But there are none; and our forefathers soon became convinced, that they
had been led into a terrible delusion. All the prisoners on account of
witchcraft were set free. But the innocent dead could not be restored to
life; and the hill where they were executed, will always remind people of
the saddest and most humiliating passage in our history."

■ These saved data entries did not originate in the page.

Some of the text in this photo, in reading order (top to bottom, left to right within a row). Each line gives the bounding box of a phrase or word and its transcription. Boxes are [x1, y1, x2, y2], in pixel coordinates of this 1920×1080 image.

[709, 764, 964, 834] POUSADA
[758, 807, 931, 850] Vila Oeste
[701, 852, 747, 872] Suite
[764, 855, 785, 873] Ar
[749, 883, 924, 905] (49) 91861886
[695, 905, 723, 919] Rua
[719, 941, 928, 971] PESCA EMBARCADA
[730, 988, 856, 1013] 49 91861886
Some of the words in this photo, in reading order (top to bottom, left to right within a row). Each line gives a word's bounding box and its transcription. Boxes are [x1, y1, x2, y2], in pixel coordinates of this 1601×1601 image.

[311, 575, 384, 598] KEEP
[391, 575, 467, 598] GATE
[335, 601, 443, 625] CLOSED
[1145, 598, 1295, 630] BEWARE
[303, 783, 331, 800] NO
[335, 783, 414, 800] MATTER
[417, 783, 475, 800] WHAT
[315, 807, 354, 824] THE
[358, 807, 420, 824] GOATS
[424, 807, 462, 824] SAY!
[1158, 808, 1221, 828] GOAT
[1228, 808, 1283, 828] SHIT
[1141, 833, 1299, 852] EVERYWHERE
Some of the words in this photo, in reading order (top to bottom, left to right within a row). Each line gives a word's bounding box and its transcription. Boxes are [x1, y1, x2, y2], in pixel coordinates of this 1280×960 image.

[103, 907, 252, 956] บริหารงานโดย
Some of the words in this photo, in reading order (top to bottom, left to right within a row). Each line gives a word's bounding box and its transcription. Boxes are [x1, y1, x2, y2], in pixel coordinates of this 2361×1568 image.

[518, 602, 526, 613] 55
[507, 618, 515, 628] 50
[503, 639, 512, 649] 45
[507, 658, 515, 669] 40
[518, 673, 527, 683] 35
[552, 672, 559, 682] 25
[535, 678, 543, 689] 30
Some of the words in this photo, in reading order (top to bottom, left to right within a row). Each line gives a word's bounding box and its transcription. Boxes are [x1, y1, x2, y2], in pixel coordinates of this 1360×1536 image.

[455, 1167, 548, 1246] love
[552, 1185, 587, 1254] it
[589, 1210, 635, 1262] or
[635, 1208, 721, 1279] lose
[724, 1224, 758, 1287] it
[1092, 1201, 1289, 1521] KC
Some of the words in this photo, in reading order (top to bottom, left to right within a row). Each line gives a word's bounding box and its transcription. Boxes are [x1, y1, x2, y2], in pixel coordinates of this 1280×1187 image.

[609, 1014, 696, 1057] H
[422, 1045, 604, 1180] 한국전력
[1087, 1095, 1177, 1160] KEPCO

Grandfather then said, that the next remarkable event, while Sir William
Phips remained in the chair, was the arrival at Boston of an English
fleet, in 1693. It brought an army, which was intended for the conquest of
Canada. But a malignant disease, more fatal than the small-pox, broke out
among the soldiers and sailors, and destroyed the greater part of them.
The infection spread into the town of Boston, and made much havoc there.
This dreadful sickness caused the governor, and Sir Francis Wheeler, who
was commander of the British forces, to give up all thoughts of attacking
Canada.

"Soon after this," said Grandfather, "Sir William Phips quarrelled with
the captain of an English frigate, and also with the Collector of Boston.
Being a man of violent temper, he gave each of them a sound beating with
his cane."

"He was a bold fellow," observed Charley, who was himself somewhat
addicted to a similar mode of settling disputes.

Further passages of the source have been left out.